$\arcsin \dfrac bc -\arcsin \dfrac ac =2\arcsin \dfrac{b-a}{c \sqrt 2}$
$a,b,c \gt 0$
$a^2 + b^2 = c^2$
Let's rewrite this as
$\dfrac 12 \left(\arcsin \dfrac bc -\arcsin \dfrac ac \right)
=\arcsin \dfrac{b-a}{c \sqrt 2}$
Since you said that sides $a, b, $ and $c$ are sides of a right triangle, then we know that $a,b,c \gt 0$.
Let $\theta$ be the angle that corresponds to the point $(a,b)$ in the first quadrant.

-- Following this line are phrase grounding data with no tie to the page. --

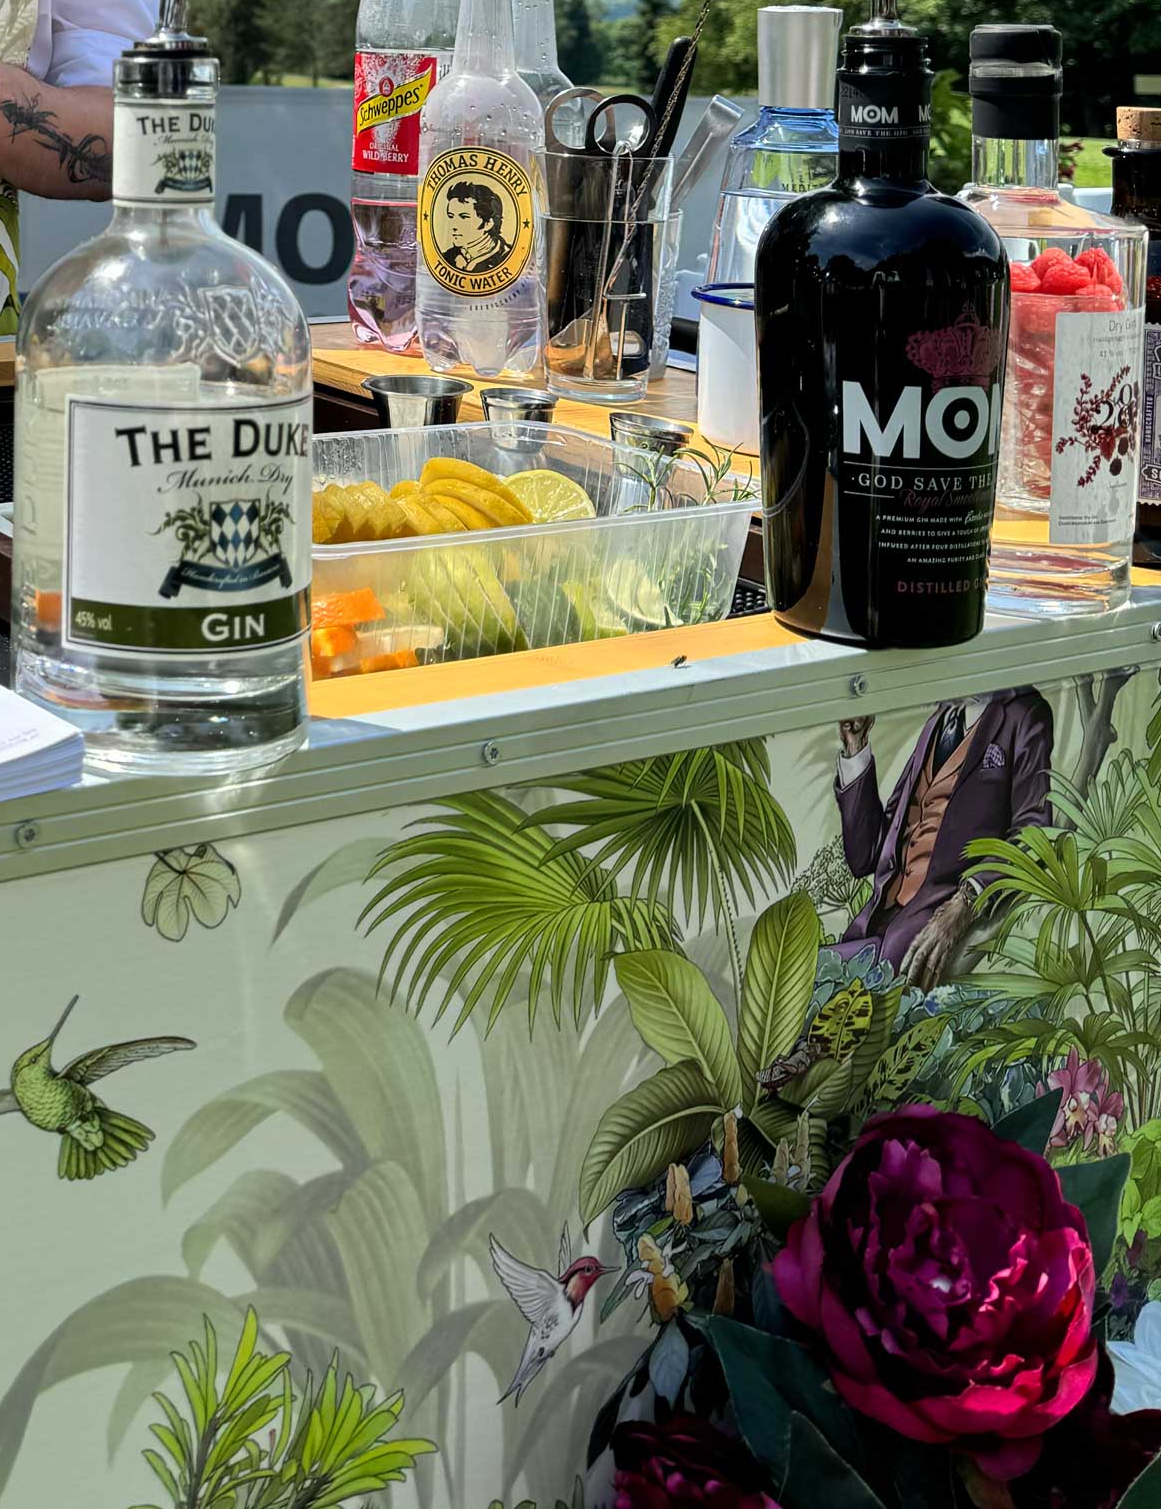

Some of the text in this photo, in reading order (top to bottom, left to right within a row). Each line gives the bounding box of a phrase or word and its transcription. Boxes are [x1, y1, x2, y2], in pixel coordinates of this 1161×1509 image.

[359, 87, 420, 126] Schweppes
[851, 105, 899, 124] MOM
[136, 116, 180, 135] THE
[362, 150, 409, 163] WILD BERRY
[427, 154, 528, 198] THOMAS HENRY
[433, 259, 467, 289] TONIC
[470, 267, 513, 290] WATER
[115, 418, 310, 467] THE DUKE
[157, 463, 294, 494] Munich Dry
[857, 473, 992, 490] GOD SAVE THE
[883, 515, 914, 523] PREMIUM
[899, 529, 925, 537] BERRIES
[897, 579, 971, 594] DISTILLED
[74, 610, 112, 631] 45% vol
[201, 612, 266, 642] GIN
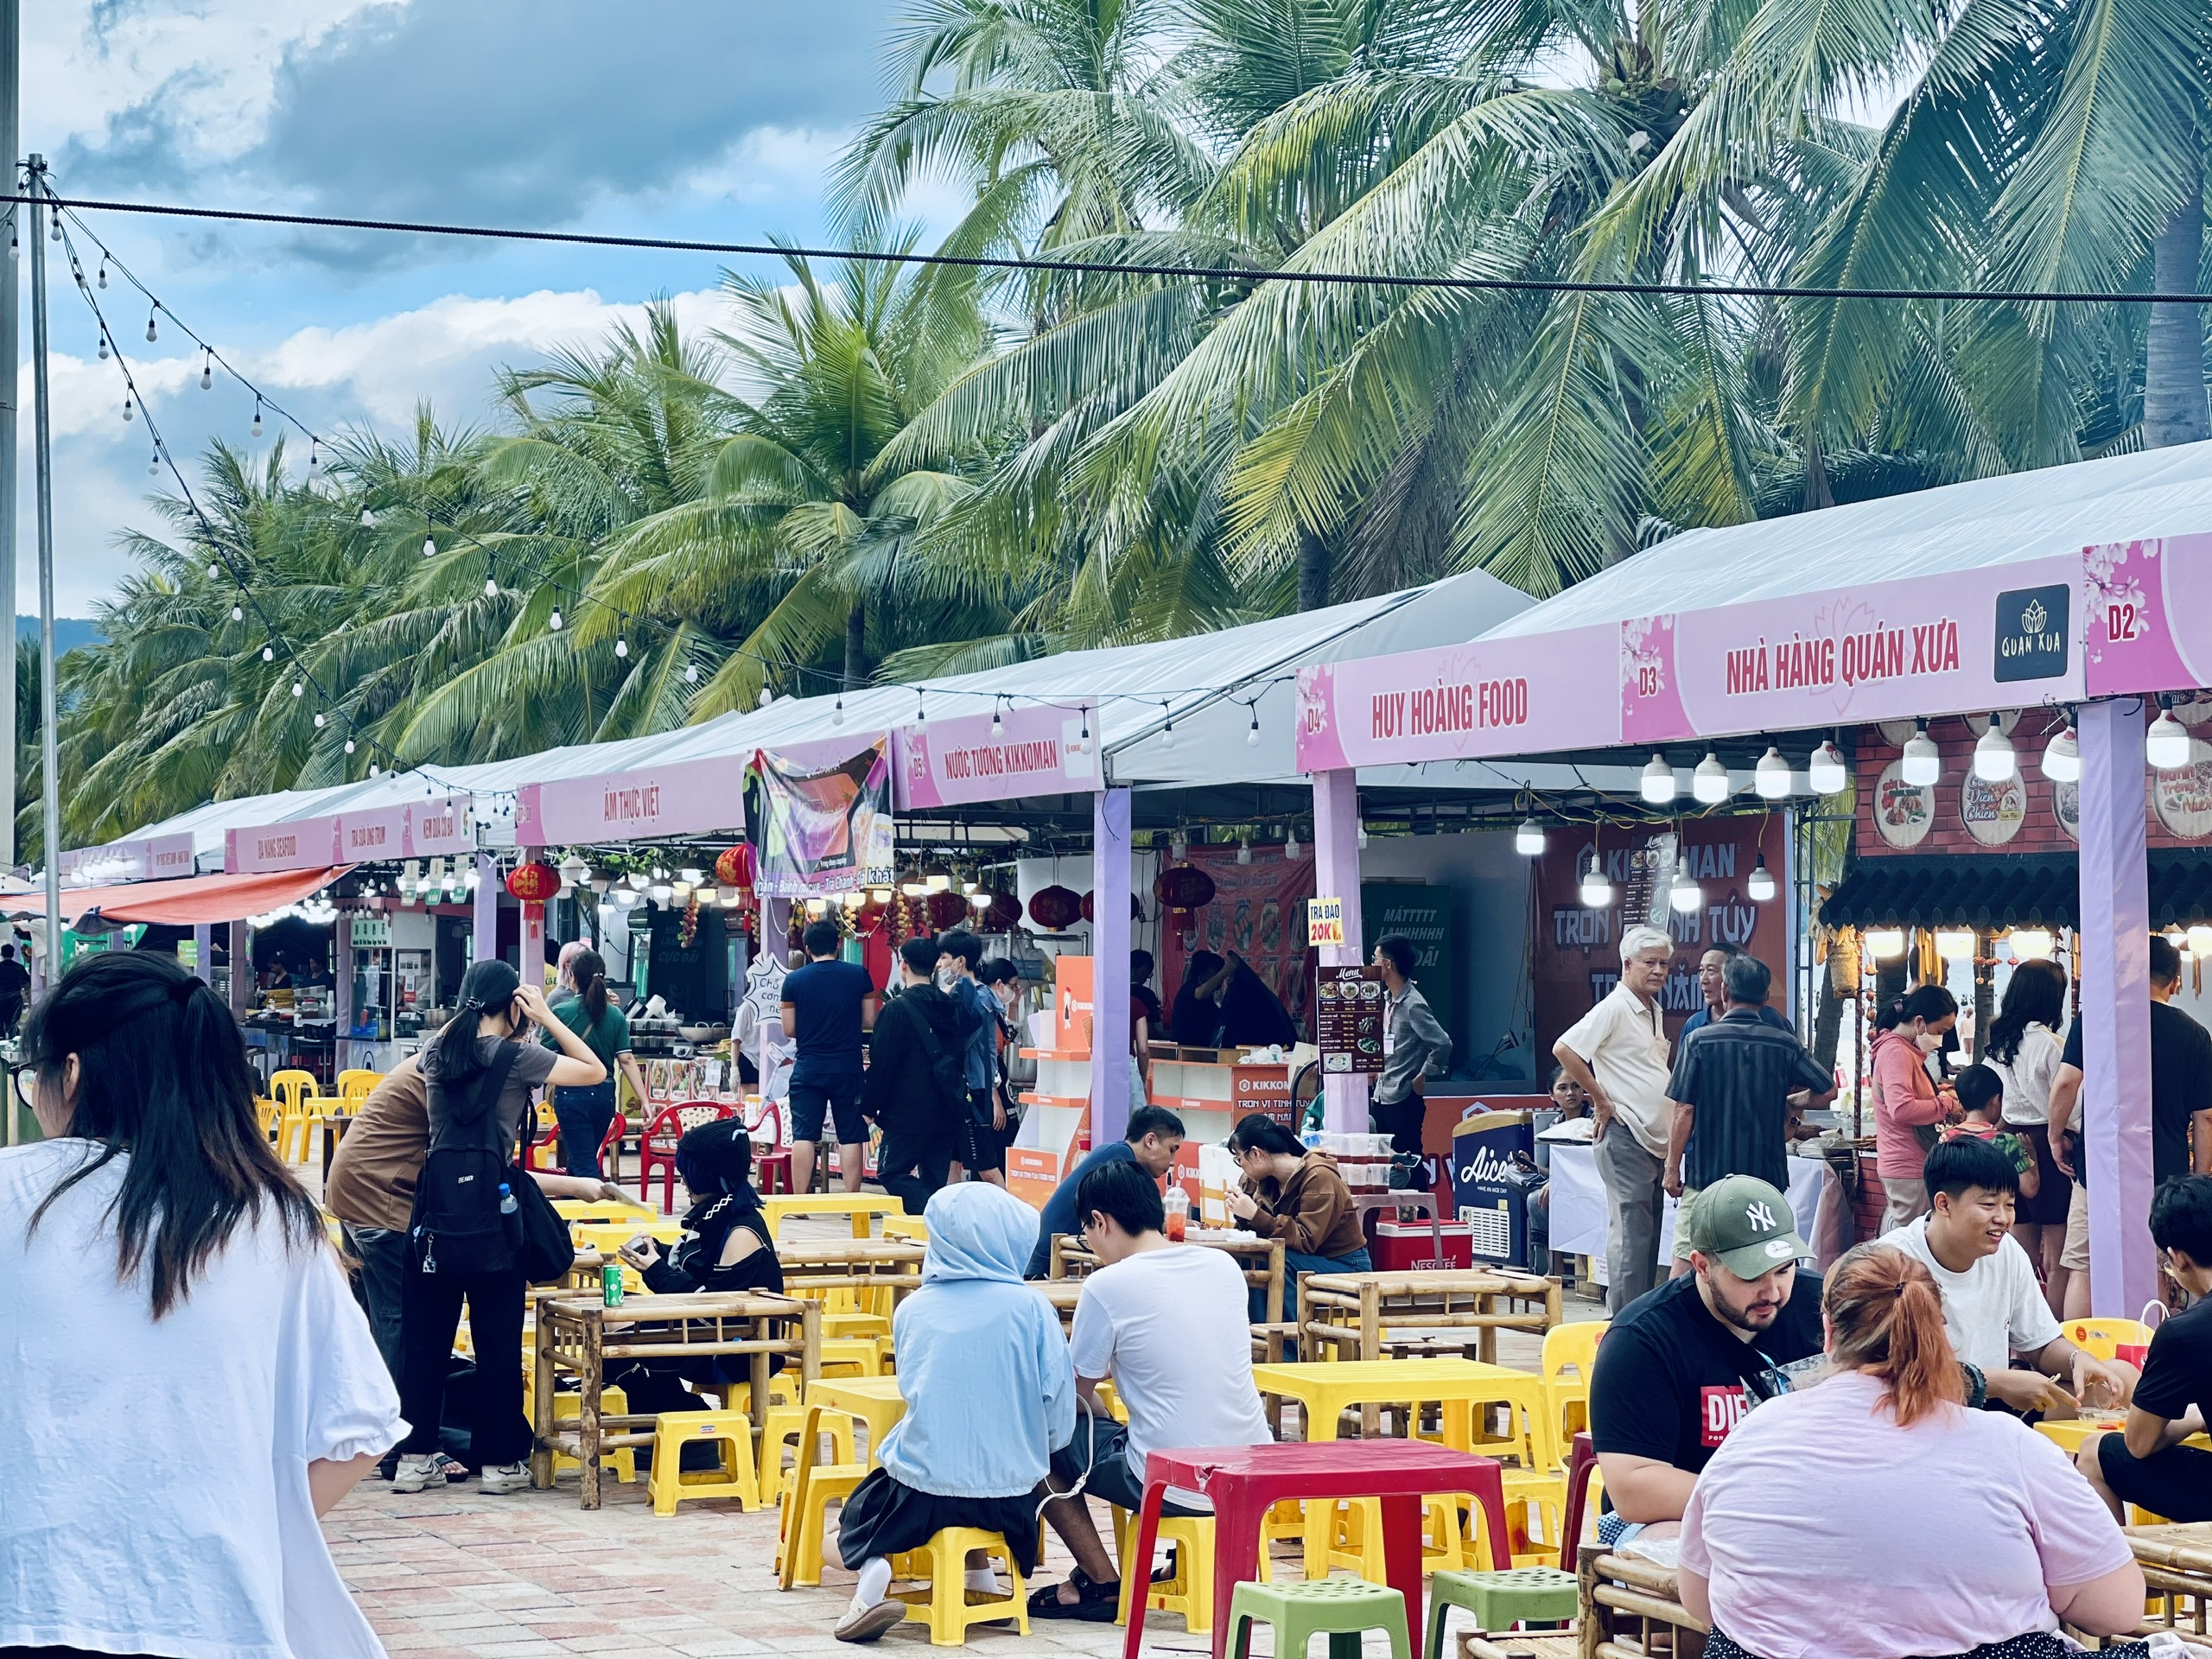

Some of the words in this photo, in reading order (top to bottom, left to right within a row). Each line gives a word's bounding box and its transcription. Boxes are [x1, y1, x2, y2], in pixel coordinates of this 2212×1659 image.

Then $\sin \theta= \dfrac bc$ and $\cos \theta = \dfrac ac$
So $\dfrac 12 \left( \arcsin \dfrac bc -\arcsin \dfrac ac \right) =
\dfrac 12 \left( \theta - \left(\dfrac{\pi}{2} - \theta\right) \right) =
\theta - \dfrac{\pi}{4}$
If you can show that $\sin \left( \theta - \dfrac{\pi}{4} \right)
= \dfrac{b-a}{c \sqrt 2}$,
then you are done.